Study material: Begin

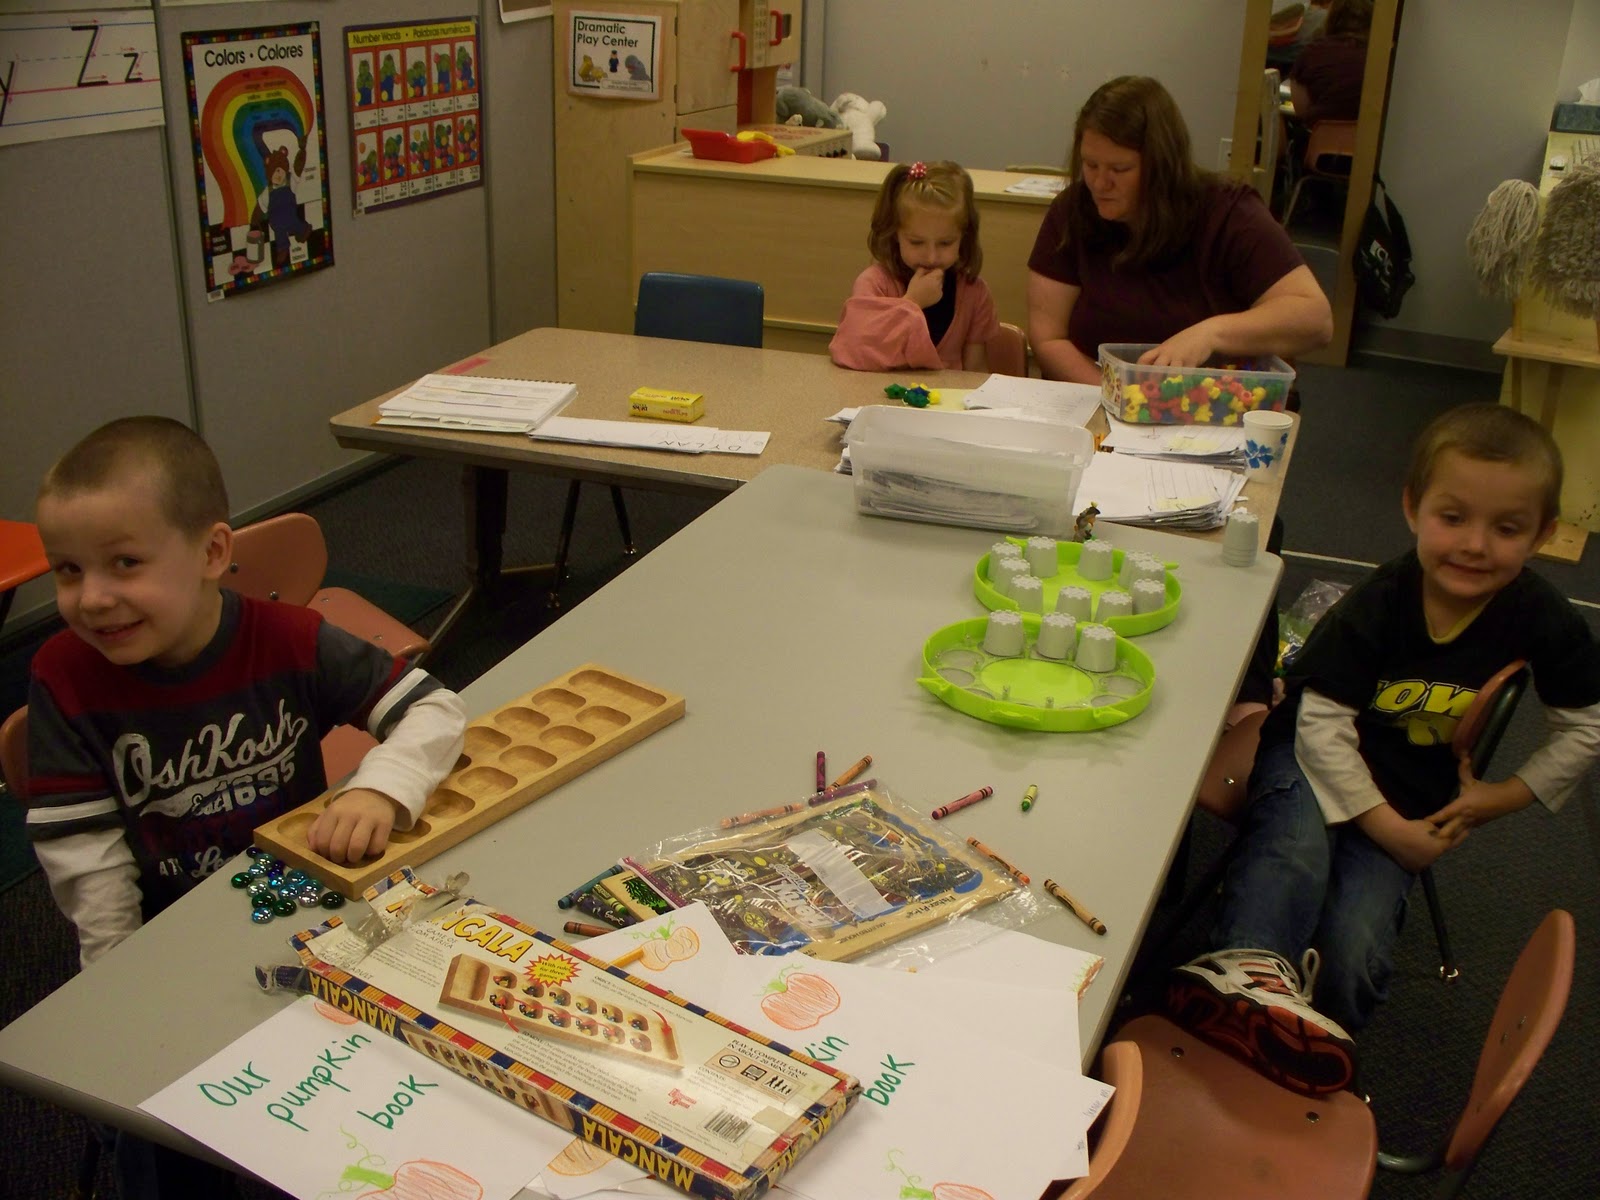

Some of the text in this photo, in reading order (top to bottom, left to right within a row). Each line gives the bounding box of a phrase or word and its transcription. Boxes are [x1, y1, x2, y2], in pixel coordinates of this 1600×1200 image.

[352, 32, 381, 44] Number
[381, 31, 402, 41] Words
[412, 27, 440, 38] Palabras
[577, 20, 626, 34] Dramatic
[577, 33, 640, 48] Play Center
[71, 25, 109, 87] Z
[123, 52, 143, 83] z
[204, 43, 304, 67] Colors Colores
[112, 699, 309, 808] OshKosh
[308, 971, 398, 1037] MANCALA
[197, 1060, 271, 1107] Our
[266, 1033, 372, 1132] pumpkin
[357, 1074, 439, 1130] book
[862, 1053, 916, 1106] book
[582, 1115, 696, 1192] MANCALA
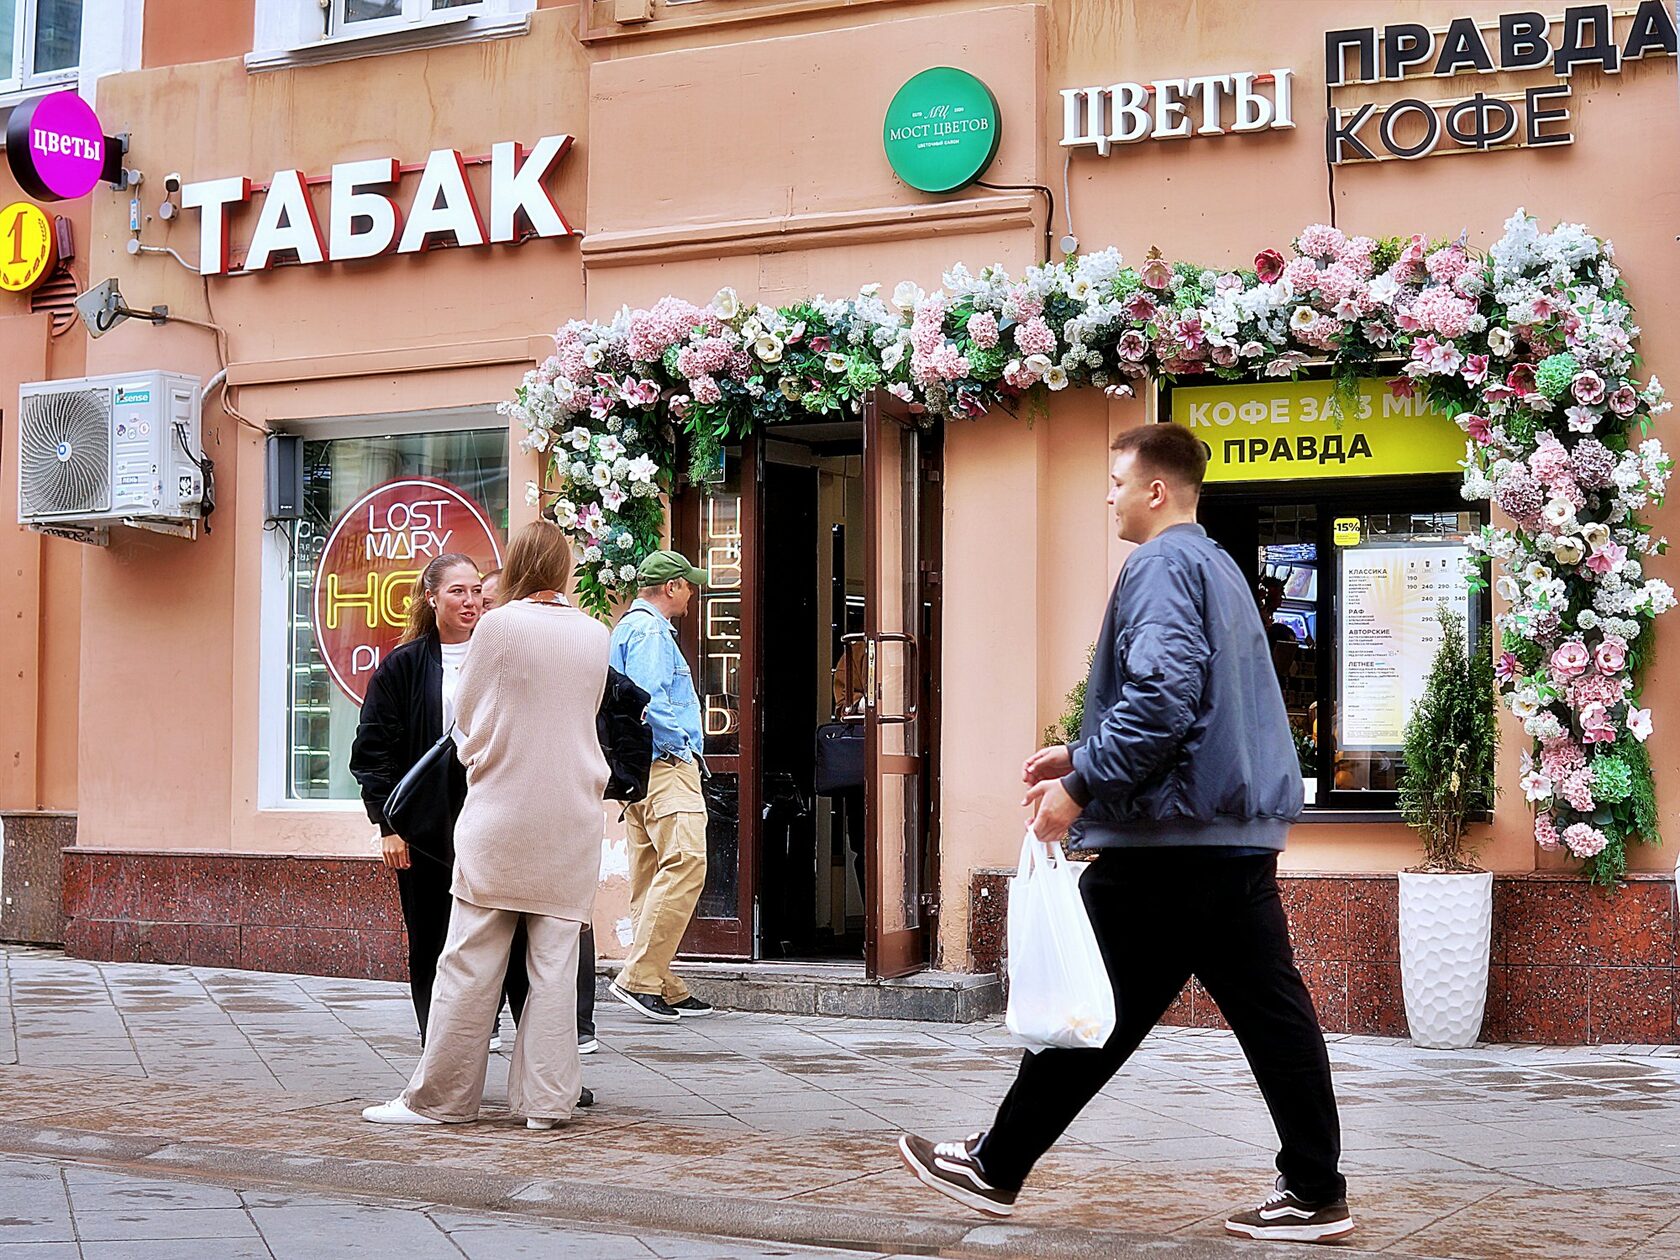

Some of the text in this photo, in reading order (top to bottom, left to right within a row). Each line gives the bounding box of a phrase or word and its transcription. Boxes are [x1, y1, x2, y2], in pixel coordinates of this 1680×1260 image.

Study material: End

Task statement:
Leave the pictures behind and repeat each entry exactly.

Response to the task:
Some of the text in this photo, in reading order (top to bottom, left to right within a row). Each line gives the bounding box of a phrase or word and its transcription. Boxes are [x1, y1, x2, y2], in pixel coordinates of this 1600×1200 image.

[352, 32, 381, 44] Number
[381, 31, 402, 41] Words
[412, 27, 440, 38] Palabras
[577, 20, 626, 34] Dramatic
[577, 33, 640, 48] Play Center
[71, 25, 109, 87] Z
[123, 52, 143, 83] z
[204, 43, 304, 67] Colors Colores
[112, 699, 309, 808] OshKosh
[308, 971, 398, 1037] MANCALA
[197, 1060, 271, 1107] Our
[266, 1033, 372, 1132] pumpkin
[357, 1074, 439, 1130] book
[862, 1053, 916, 1106] book
[582, 1115, 696, 1192] MANCALA

Some of the text in this photo, in reading order (top to bottom, left to right within a row). Each line gives the bounding box of a phrase or word and its transcription. Boxes are [x1, y1, x2, y2], in pixel coordinates of this 1680×1260 image.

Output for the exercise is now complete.